# Exercise data:
▽
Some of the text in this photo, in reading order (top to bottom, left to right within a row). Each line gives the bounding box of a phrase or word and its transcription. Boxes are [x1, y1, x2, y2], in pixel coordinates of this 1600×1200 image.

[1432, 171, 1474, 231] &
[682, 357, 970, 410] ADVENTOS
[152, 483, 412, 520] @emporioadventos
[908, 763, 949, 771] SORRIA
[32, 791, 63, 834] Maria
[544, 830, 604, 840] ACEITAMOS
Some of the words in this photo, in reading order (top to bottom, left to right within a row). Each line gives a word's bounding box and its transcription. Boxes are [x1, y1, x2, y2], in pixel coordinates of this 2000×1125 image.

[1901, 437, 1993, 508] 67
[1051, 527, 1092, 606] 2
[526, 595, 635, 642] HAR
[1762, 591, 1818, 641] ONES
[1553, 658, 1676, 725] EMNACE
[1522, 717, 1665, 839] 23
△
# Requirement:
Every entry needs to be copied again, word for word.

# Output of the exercise:
Some of the text in this photo, in reading order (top to bottom, left to right within a row). Each line gives the bounding box of a phrase or word and its transcription. Boxes are [x1, y1, x2, y2], in pixel coordinates of this 1600×1200 image.

[1432, 171, 1474, 231] &
[682, 357, 970, 410] ADVENTOS
[152, 483, 412, 520] @emporioadventos
[908, 763, 949, 771] SORRIA
[32, 791, 63, 834] Maria
[544, 830, 604, 840] ACEITAMOS
Some of the words in this photo, in reading order (top to bottom, left to right within a row). Each line gives a word's bounding box and its transcription. Boxes are [x1, y1, x2, y2], in pixel coordinates of this 2000×1125 image.

[1901, 437, 1993, 508] 67
[1051, 527, 1092, 606] 2
[526, 595, 635, 642] HAR
[1762, 591, 1818, 641] ONES
[1553, 658, 1676, 725] EMNACE
[1522, 717, 1665, 839] 23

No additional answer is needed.